Aber wir wollen ja hier was über die Gruppe erzählen. Erst einmal scheint sie viel mit ihren Figuren zu verbinden, sie haben auch viel an ihnen gearbeitet. Mit Plakaten und Mind Maps, mit der Entwicklung von Bewegungsmustern und Täter-Opfer-Rollenspielen, bei denen „es ziemlich zu Sache ging“. Sie haben auch viel geredet, zum Beispiel über die zehn Jahre zwischen Akt 1 und 2, sie haben versucht die Frage zu klären: Wie kann das eigentlich passieren? Sie scheinen zu wissen, wovon sie da reden.

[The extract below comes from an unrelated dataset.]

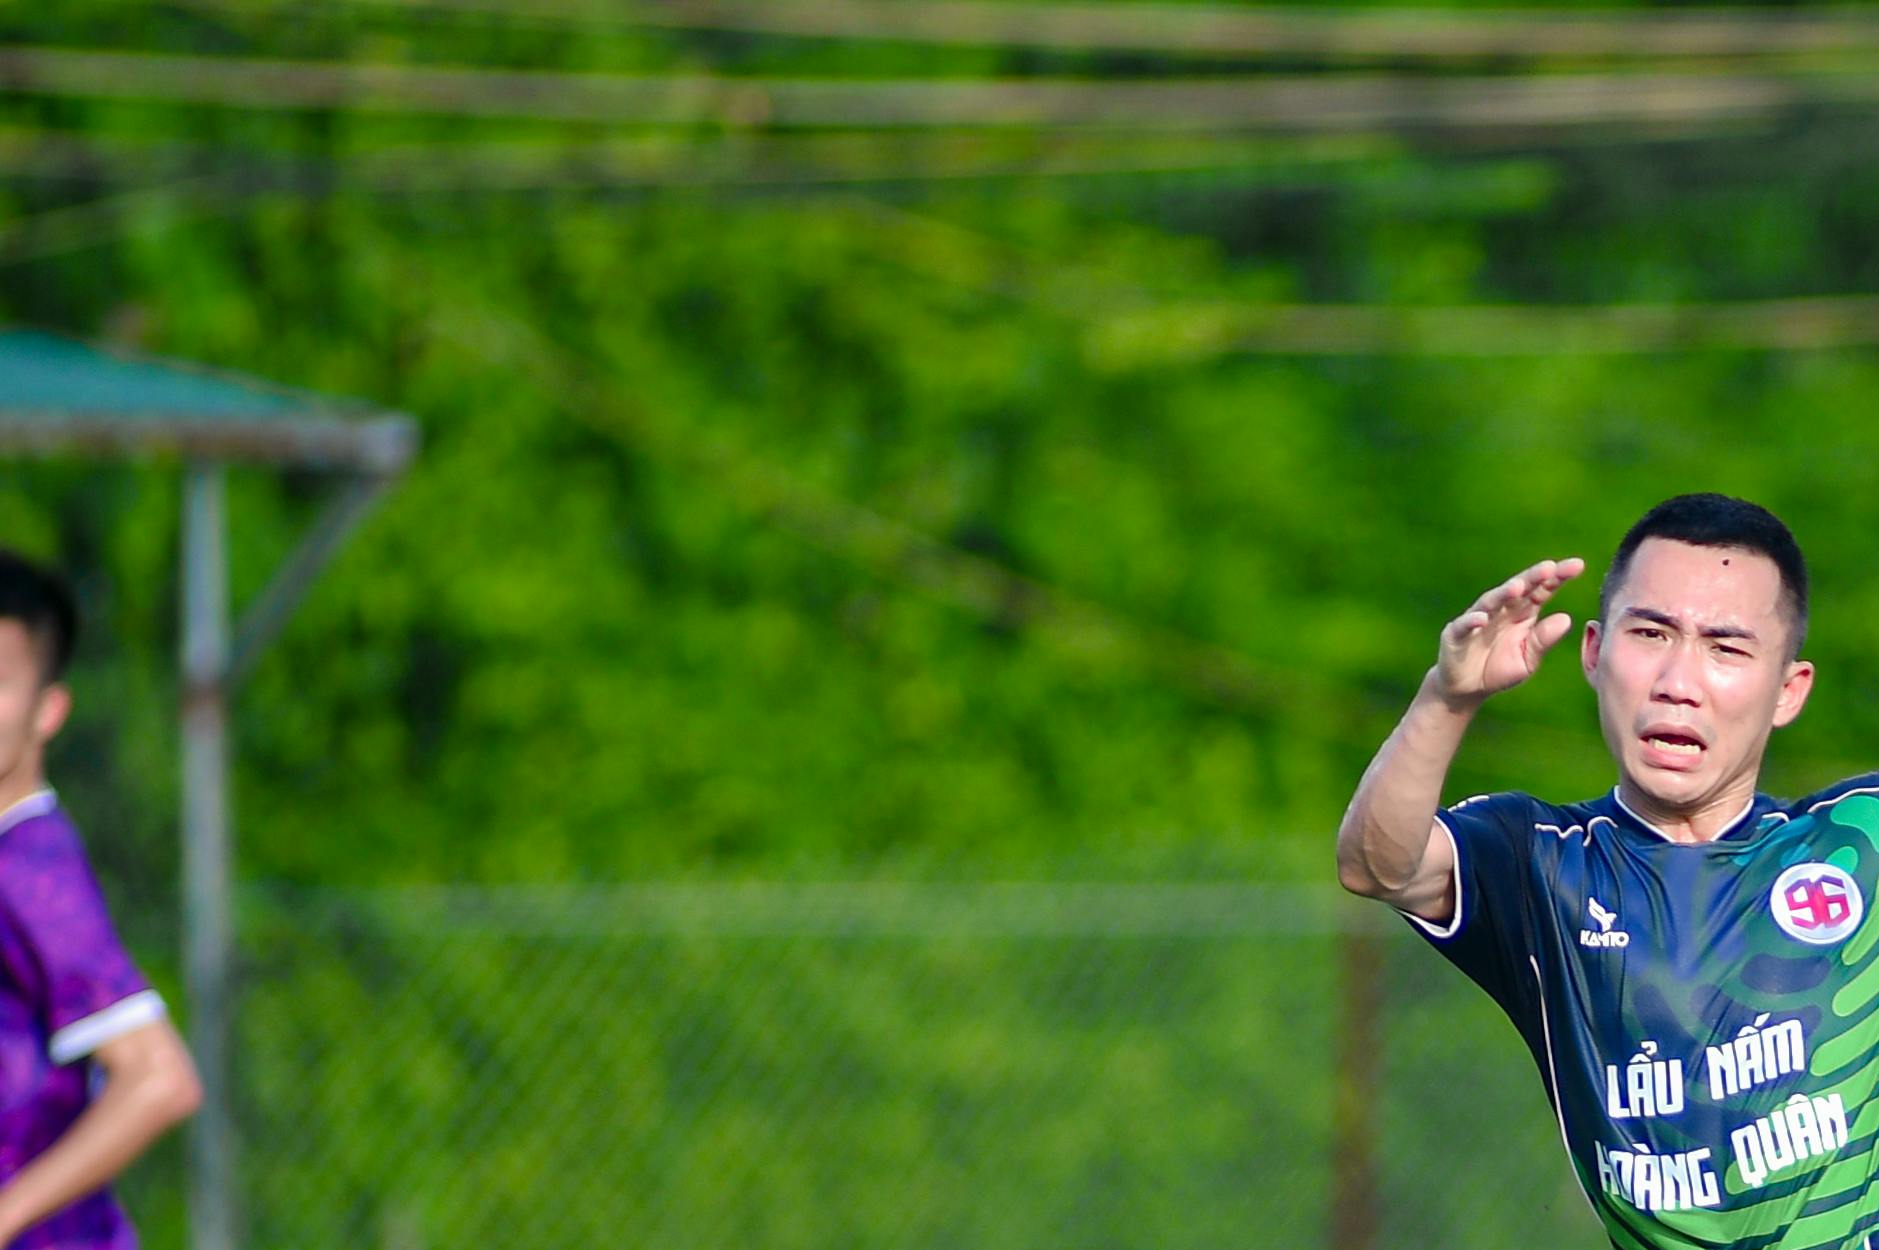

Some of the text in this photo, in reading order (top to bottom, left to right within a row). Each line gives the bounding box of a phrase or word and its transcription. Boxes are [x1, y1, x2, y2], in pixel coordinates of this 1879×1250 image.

[1783, 873, 1851, 930] 96
[1606, 1012, 1805, 1118] LẨU NẤM
[1731, 1093, 1848, 1188] QUÂN

Aber was denken die Potsdamer denn selbst über ihre Leitfragen? Das Politische im Persönlichen, das Persönliche im Politischen? Sie sagen einerseits, dass Unpolitischsein bequem sein kann, dass man oft denkt, man kann die Dinge einfach auf einer persönlichen Ebene halten. Sie sagen aber auch, dass eigentlich alles politisch ist, der T-Shirtkauf bei Hennes und Mauritz und das Gründen einer WG. Und dass Theater auch eine Form sein kann, politisch zu werden, wenn man nicht in Gremien sitzen will. Und dass es löblich ist, wenn man sich die Mühe macht und extra in ein fremdes Land reist, um klarzumachen, dass man auch etwas dazu zu sagen hat. Und da es ja nicht sein kann, dass man dann dafür eingesperrt und gefoltert wird.

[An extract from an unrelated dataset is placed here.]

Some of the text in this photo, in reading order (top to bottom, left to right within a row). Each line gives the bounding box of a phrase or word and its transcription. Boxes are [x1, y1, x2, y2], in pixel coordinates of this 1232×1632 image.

Das Wort Globalisierung ist auch für sie ein großes, das die Themen so komplex macht, dass man gar nicht mehr weiß, wie man sich einsetzen soll. Vielleicht sollte deshalb, so sagt eine, das Persönliche auch wieder politischer werden. Gelohnt hat sich die Auseinandersetzung  in jedem Fall, so sind sich die Hans-Otto-Jugendclubber einig, und sie hoffen, es lohnt sich auch für das Publikum. Wenn sie sich nämlich etwas von ihren Zuschauern wünschen dürften (und das dürfen sie an dieser Stelle), dann wäre das, dass hinterher noch geredet und nachgedacht wird, da mit dem Ende des Abends das Thema noch nicht abgeschlossen ist. Dass man sich über die Zeitlosigkeit und Aktualität der Geschichte bewusst wird.  Und dass vielleicht die Leute auch mal Lust haben, nach Potsdam zu kommen.

Da ist es nämlich toll, sagen sie, weil man sich an schöne Stellen zurückziehen kann und trotzdem zentriert ist. Außerdem haben da früher die Könige gewohnt und jetzt wohnen sie da und nutzen die königliche Umgebung. Und außerdem geht nicht alles so unter, weil wenn was los ist, dann merkt man das eben auch. Und sie sagen noch, Potsdam ist großes Theater, weil so von den Königen angelegt, gut inszeniert eben. Hoffen wir, dass uns das auch heute Abend erwartet, nett sind sie ja schon mal.